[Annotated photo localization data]
====
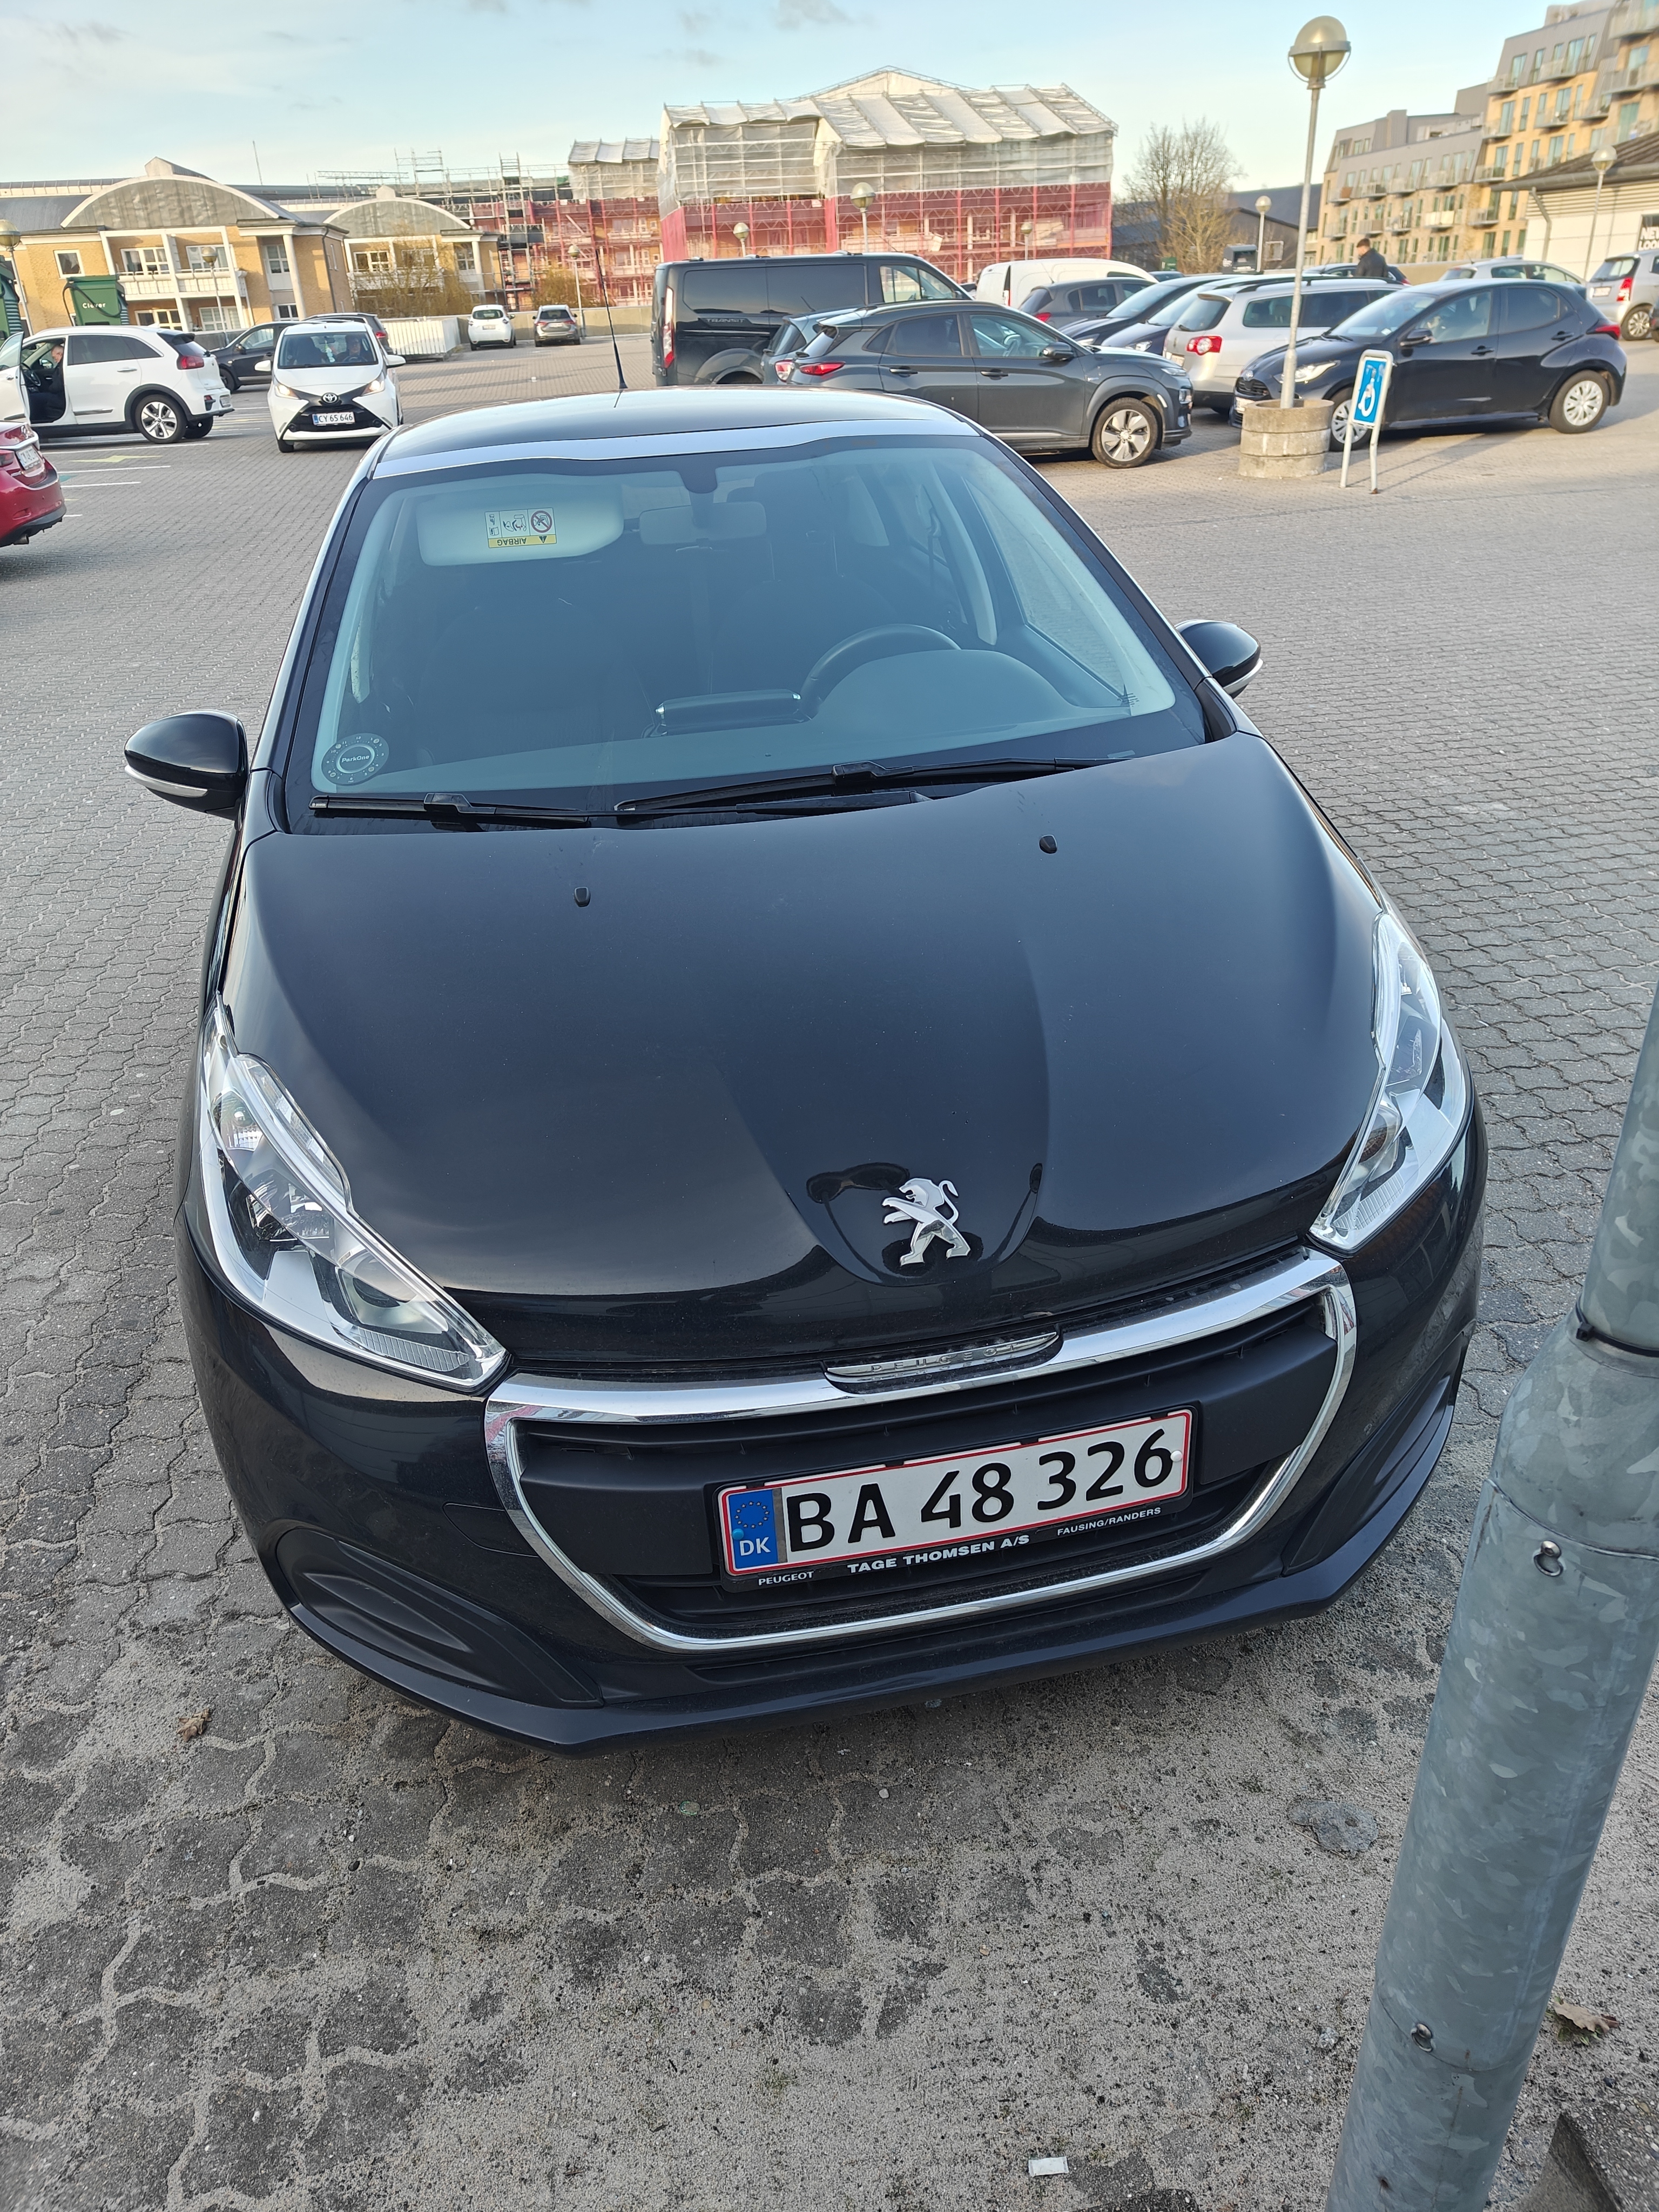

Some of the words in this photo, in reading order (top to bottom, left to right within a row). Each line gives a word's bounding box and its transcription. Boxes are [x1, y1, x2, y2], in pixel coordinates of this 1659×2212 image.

[1638, 240, 1659, 251] LOO
[497, 537, 527, 546] AIRBAG
[786, 1483, 896, 1552] BA
[921, 1462, 1014, 1529] 48
[1037, 1428, 1174, 1510] 326
[1057, 1507, 1161, 1536] FAUSING/RANDERS
[739, 1537, 771, 1556] DK
[847, 1558, 897, 1573] TAGE
[902, 1541, 995, 1565] THOMSEN
[1001, 1534, 1030, 1548] A/S
[758, 1571, 814, 1586] PEUGEOT
====
REQUIREMENT
Repeat the records above exactly, without any pictures.

RESPONSE BOX
Some of the words in this photo, in reading order (top to bottom, left to right within a row). Each line gives a word's bounding box and its transcription. Boxes are [x1, y1, x2, y2], in pixel coordinates of this 1659×2212 image.

[1638, 240, 1659, 251] LOO
[497, 537, 527, 546] AIRBAG
[786, 1483, 896, 1552] BA
[921, 1462, 1014, 1529] 48
[1037, 1428, 1174, 1510] 326
[1057, 1507, 1161, 1536] FAUSING/RANDERS
[739, 1537, 771, 1556] DK
[847, 1558, 897, 1573] TAGE
[902, 1541, 995, 1565] THOMSEN
[1001, 1534, 1030, 1548] A/S
[758, 1571, 814, 1586] PEUGEOT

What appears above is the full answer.